There's a lot of words on that card, but basically 50% of the time it does 5 damage to you and the other 50% of the time you get a 5/5 flyer. At 4 mana to cast and 1 mana to activate, the rate is good if you can figure out a way to avoid the damage. It gets better if you can figure out a way to reuse it. That's where the other cards come in.
Before I go on, I want to be clear that I've tried a lot of different configurations of this deck. It's not good. It's not even remotely good. It's super casual. You could probably start splashing colors and make it "better," but the underlying combination of cards is weak. There are better combos and synergies in the format. It is fun, though. Well, fun when it works.
This guy. This guy along with COP: Artifacts is how I avoid taking damage from the Bottle. This creature is also reasonable at stalling creatures on the ground, but doesn't show up early enough in the game to really set an aggro deck back.
Then there's this guy. This guy is how I reuse the Bottle to keep trying again to get a genie.

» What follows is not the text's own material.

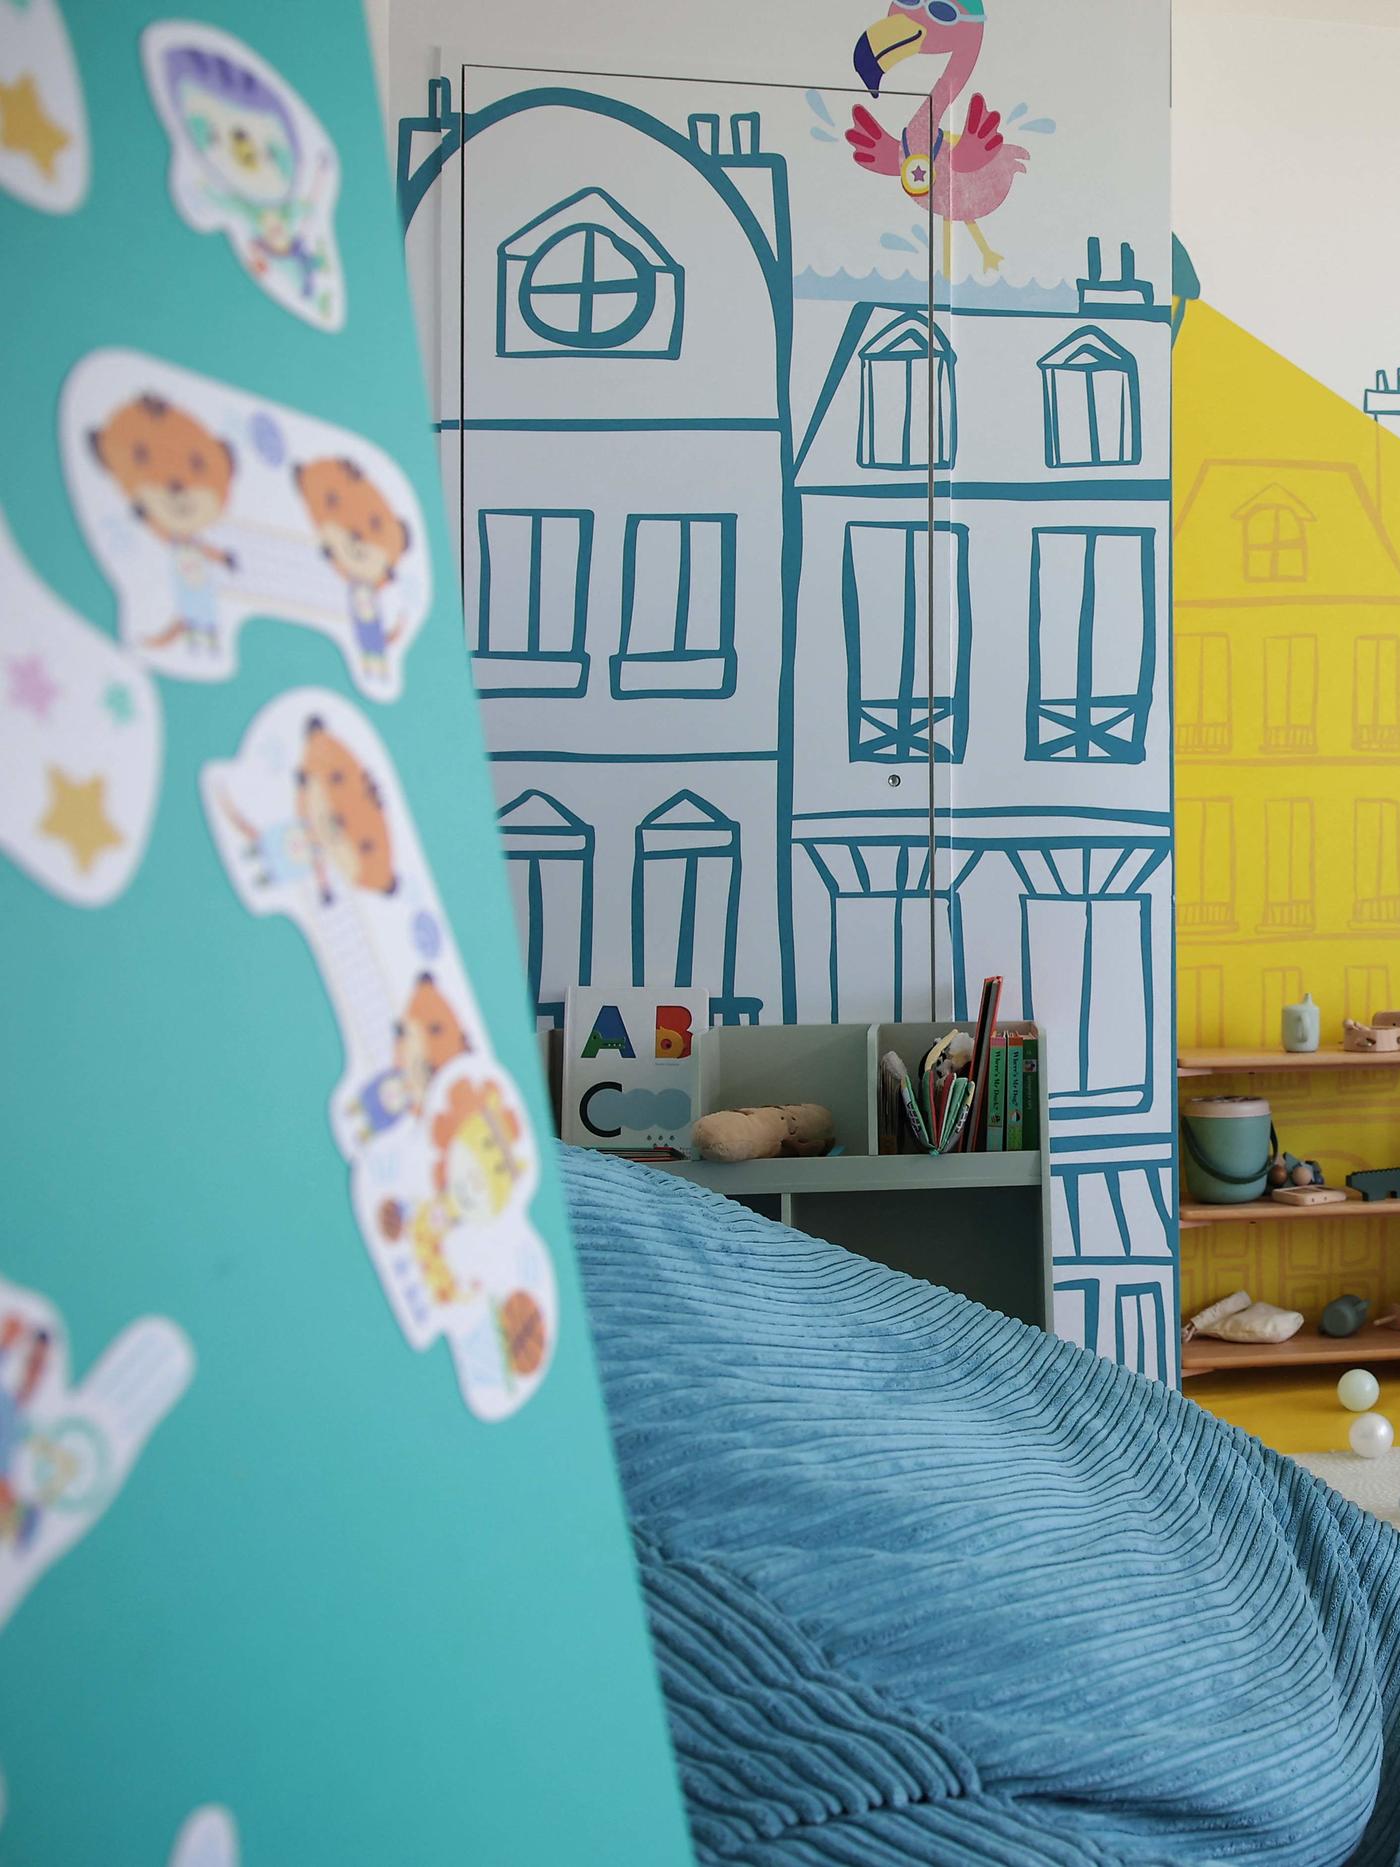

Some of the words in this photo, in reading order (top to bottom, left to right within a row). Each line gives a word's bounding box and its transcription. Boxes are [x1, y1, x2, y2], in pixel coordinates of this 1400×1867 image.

There's a couple of cutesy things going on with the deck as well. This card transmografies a creature into an artifact, which is handy if you have a COP: Artifacts out. Should it simply be another Swords to Plowshares in this slot? Of course it should! But this is more fun.
This deck suffers from the classic problem of needing a lot of things to go right. There are combinations of cards that can become... not powerful. But better. If they show up together. Your opponent will be actively trying to kill you and disrupting your plan. It's common to draw the wrong combinations of cards. I frequently die to desperate Bottle flips with no way to avoid the damage, for example. Most of the cards are not great on their own, so it's a catch-22 to put more of them in.
I'm 100% open to a different way to approach this deck (still in mono-white). Maybe someone has a good setup out there. Maybe I've forgotten a key card. But if you're looking for something fun and casual to bring to an Old School event, take this for a spin!
Here I am losing to my own Bottle flip (twice). One flip failed and I took 5 damage. Then I brought the Bottle back, recast it, then failed the flip again taking another 5 damage. It was that or die to the threat on the other side of the table. This is one of those scenarios where if I had a way to mitigate the damage, I might have been able to pull ahead with an endless stream of genies.
Here it is working. Combo assembled. Bottle+Archaeologist+COP:Artifacts. Plus, I had a Chaos Orb in the graveyard for shenanigans with the Archaeologist! My daughter doesn't play Old School decks, but she is a good sport. And she wins most of the time!
Update: August 1, 2021
The stars aligned and I was able to play some Old School with Ben. It was my Mono-White Bottle of Suleiman deck vs his Aisling Leprechaun Ward deck. It was a blast. It was the perfect match of weird decks!
The deck he was playing words on this great synergy. The Leprechaun makes any creature it blocks or that blocks it become green. As long as he's got a Green Ward enchanting the Leprechaun, it has protection from that "green" creature. :) He also runs Circle of Protection: Green so that he can prevent the damage from all of the creatures the Leprechaun is turning green.Here I am getting smashed to pieces by Ben's Force of Nature. |
Here I am with the "combo" in full effect. The candy is a 5/5 Genie token! |
Here's Ben getting hit by the Copper Tablet while my Bodyguard blocks for me. |
Ben thinking about his next move. Does he play the fearsome Leprechaun? |
All in all, it was the kind of fun I've come to expect from janky Old School duels. I lost a bunch of coin flips, as expected. I mostly took the damage from the Leprechaun rather than let Ben turn all of my creatures green. Bottles were flying in and out of the graveyard at one point.